(Referring expression grounding data)

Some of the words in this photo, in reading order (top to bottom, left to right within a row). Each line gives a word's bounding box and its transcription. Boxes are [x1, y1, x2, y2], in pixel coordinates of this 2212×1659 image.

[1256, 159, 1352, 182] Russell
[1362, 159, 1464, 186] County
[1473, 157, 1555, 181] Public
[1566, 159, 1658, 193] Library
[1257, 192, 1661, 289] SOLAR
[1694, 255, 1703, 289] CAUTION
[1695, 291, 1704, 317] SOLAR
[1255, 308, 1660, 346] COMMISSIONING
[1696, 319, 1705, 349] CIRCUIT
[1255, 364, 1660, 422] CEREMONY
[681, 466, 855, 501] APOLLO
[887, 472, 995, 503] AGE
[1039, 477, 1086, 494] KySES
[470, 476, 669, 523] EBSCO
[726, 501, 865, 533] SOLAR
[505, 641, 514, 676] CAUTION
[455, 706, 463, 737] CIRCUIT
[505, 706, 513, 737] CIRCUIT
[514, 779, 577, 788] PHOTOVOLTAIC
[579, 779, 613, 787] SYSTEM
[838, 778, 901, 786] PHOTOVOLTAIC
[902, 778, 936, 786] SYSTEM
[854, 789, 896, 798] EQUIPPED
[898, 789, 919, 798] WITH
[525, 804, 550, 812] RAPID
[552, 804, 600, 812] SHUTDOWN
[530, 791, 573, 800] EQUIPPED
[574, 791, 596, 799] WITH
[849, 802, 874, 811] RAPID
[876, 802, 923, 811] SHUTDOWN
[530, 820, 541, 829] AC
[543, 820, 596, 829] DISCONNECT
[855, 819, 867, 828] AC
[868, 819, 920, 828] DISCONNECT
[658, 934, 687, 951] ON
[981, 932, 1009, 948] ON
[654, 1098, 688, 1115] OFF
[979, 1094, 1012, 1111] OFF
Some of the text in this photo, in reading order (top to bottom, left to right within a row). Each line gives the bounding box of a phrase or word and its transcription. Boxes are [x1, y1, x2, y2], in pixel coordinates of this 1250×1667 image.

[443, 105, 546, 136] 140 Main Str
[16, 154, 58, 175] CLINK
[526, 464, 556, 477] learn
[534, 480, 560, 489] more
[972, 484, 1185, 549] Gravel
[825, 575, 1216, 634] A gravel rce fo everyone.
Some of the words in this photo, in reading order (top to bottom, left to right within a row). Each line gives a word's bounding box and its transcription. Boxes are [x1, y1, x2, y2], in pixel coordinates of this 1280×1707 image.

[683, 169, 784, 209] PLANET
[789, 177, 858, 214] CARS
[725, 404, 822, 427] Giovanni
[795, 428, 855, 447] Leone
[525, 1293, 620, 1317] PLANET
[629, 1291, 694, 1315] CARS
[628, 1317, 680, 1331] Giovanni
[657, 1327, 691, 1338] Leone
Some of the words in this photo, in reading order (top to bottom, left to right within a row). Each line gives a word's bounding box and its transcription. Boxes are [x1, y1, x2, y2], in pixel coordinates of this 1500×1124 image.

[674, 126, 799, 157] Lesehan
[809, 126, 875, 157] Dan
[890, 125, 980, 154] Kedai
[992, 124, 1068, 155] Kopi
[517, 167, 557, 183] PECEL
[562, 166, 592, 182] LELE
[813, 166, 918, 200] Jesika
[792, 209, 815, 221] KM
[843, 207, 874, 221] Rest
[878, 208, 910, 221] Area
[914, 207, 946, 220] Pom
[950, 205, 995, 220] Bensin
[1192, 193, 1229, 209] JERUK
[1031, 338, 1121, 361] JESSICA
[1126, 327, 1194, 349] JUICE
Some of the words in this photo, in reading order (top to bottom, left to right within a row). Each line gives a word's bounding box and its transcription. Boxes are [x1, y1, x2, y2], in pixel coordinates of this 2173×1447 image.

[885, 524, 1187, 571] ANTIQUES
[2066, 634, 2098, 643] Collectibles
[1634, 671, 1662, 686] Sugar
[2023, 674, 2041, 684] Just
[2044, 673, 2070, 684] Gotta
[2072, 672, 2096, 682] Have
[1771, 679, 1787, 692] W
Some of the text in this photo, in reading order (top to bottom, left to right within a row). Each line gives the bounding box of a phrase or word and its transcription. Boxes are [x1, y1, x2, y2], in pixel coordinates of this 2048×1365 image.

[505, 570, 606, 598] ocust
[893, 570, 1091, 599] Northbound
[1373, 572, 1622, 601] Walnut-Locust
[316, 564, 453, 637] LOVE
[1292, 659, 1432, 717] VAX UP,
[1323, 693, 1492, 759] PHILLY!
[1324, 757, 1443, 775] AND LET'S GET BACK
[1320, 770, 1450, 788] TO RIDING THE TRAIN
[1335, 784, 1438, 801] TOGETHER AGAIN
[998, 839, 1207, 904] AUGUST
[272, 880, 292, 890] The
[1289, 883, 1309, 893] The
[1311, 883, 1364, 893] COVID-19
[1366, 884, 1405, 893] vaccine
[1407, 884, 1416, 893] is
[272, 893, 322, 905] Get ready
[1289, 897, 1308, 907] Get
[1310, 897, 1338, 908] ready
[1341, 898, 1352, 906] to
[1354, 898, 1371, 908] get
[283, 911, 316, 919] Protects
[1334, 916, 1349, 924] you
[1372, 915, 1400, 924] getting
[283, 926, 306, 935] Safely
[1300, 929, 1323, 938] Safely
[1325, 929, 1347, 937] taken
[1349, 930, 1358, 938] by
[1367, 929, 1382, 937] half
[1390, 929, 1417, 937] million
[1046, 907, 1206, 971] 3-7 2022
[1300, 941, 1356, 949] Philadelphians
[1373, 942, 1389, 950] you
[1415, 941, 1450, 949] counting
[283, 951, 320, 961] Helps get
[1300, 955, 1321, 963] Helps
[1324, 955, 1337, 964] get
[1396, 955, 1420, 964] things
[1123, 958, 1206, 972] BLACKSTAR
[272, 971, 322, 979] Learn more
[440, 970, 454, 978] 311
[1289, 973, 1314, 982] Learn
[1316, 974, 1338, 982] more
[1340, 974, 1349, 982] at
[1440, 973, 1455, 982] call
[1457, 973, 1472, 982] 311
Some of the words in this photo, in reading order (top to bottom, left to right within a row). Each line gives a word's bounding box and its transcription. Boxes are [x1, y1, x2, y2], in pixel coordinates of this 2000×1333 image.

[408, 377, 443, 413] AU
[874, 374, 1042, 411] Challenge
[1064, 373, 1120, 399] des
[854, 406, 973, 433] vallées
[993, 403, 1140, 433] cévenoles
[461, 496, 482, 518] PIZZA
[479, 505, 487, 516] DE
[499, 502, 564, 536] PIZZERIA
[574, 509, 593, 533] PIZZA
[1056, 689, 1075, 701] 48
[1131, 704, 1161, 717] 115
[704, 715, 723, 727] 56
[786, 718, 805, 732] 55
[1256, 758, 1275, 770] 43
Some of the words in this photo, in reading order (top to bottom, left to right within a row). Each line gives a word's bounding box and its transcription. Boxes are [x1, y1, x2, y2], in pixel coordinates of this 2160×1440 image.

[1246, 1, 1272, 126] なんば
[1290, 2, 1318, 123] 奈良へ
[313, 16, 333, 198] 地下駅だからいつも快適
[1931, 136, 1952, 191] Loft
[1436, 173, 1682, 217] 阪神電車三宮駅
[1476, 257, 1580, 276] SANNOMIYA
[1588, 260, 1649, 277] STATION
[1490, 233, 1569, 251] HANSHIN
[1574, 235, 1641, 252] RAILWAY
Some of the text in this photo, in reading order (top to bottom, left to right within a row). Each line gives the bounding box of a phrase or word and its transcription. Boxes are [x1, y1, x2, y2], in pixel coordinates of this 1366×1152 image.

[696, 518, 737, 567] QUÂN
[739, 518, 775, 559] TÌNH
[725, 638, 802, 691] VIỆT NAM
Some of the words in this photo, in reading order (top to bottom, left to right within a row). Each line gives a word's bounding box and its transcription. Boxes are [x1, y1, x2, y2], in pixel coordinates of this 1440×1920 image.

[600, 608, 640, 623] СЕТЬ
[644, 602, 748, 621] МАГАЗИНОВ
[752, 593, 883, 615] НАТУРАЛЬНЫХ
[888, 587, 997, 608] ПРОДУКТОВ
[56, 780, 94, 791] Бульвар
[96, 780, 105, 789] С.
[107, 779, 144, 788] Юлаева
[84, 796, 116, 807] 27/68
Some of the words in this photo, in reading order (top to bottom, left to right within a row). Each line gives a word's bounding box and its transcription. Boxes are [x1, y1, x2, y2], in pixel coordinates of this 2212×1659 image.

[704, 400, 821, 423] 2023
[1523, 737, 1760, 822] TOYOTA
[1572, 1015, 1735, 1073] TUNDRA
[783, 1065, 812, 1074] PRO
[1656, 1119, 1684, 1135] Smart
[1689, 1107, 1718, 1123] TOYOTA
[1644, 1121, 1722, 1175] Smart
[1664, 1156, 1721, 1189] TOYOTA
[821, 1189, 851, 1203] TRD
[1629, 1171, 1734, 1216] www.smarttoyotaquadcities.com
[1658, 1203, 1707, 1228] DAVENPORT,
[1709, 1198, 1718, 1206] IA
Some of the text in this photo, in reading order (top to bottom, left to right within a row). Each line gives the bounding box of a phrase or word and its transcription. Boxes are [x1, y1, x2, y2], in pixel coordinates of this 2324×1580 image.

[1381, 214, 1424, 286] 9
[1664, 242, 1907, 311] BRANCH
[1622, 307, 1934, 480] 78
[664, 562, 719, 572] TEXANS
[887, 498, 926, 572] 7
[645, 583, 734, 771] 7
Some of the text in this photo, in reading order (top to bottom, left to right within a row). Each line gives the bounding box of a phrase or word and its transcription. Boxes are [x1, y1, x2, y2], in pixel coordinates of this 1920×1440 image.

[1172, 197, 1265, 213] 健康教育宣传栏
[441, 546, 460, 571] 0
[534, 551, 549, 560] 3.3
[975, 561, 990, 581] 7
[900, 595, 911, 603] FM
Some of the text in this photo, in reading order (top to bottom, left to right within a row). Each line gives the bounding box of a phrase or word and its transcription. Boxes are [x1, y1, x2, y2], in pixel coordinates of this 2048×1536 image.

### Description of the task
Nothing but the lines from the one with "this 1920×1440 image." through the final line of the records may appear in the answer, and each must be transcribed exactly.

### Answer section
Some of the text in this photo, in reading order (top to bottom, left to right within a row). Each line gives the bounding box of a phrase or word and its transcription. Boxes are [x1, y1, x2, y2], in pixel coordinates of this 1920×1440 image.

[1172, 197, 1265, 213] 健康教育宣传栏
[441, 546, 460, 571] 0
[534, 551, 549, 560] 3.3
[975, 561, 990, 581] 7
[900, 595, 911, 603] FM
Some of the text in this photo, in reading order (top to bottom, left to right within a row). Each line gives the bounding box of a phrase or word and its transcription. Boxes are [x1, y1, x2, y2], in pixel coordinates of this 2048×1536 image.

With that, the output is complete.